I feel a little silly writing up this post and the next, cos they’re so ridiculously simple, but hey, it’s for my husband’s benefit more than anyone else and he needs proper instructions 🙂

There are two ways I tend to cook sausages.

Either I chuck them in the oven at 180 for 45-50 minutes (first pricking holes in them to let the fat out), or I do them in the frying pan. The oven method is much less maintenance and allows more sausages to be cooked at a time.

We have them either with chips or rice. If I do chips, I chuck them in the bottom of my stainless steel roasting dish with some coconut oil, put the grill/rack thing on top of them and the sausages on top of that. So easy. 10 min prep, 50ish min to cook, and you don’t really have to do much in between.
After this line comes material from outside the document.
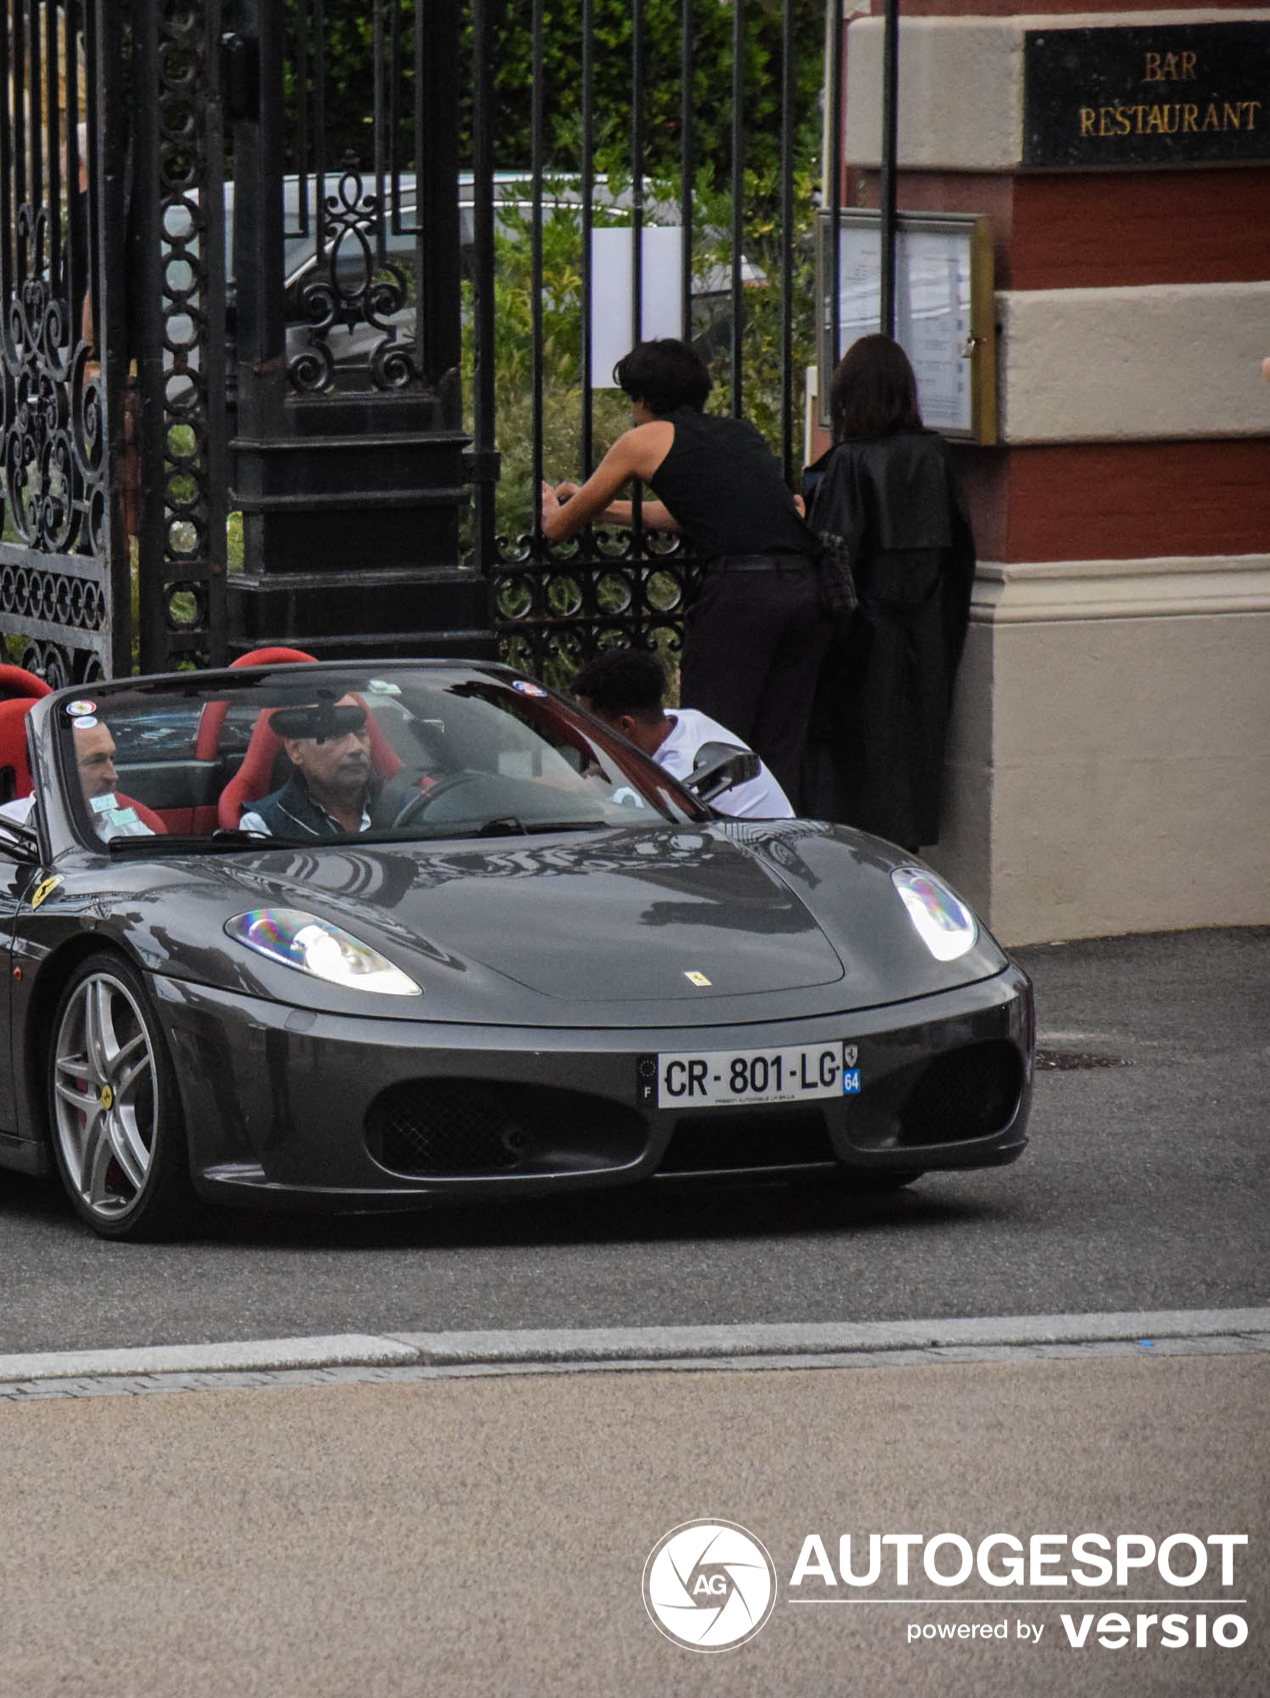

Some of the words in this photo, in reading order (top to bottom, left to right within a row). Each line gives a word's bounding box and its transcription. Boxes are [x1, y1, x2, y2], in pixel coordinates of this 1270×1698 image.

If I do rice, it’s on the stove for an hour or so (depending on what kind of rice – I’m having trouble getting short grain brown atm and the long grain brown takes quite a bit less time to cook).

Serve with sauteed onions and vege juice. Preferably drink the vege juice before you eat.

If you cook the sausages ahead of time (cos you happen to be baking and want to make the most of your oven use, or cook enough for two meals) you can eat them cold or just put them in the pan over the onions once the onions are almost cooked, cover, and they’ll heat up nicely 🙂

If you live in the Tron, the Dinsdale butcher (Lifestyle Meats) makes a whole lot of gluten free, preservative free sausages every couple of months. I stock up if we’re needing to be strict about wheat intake.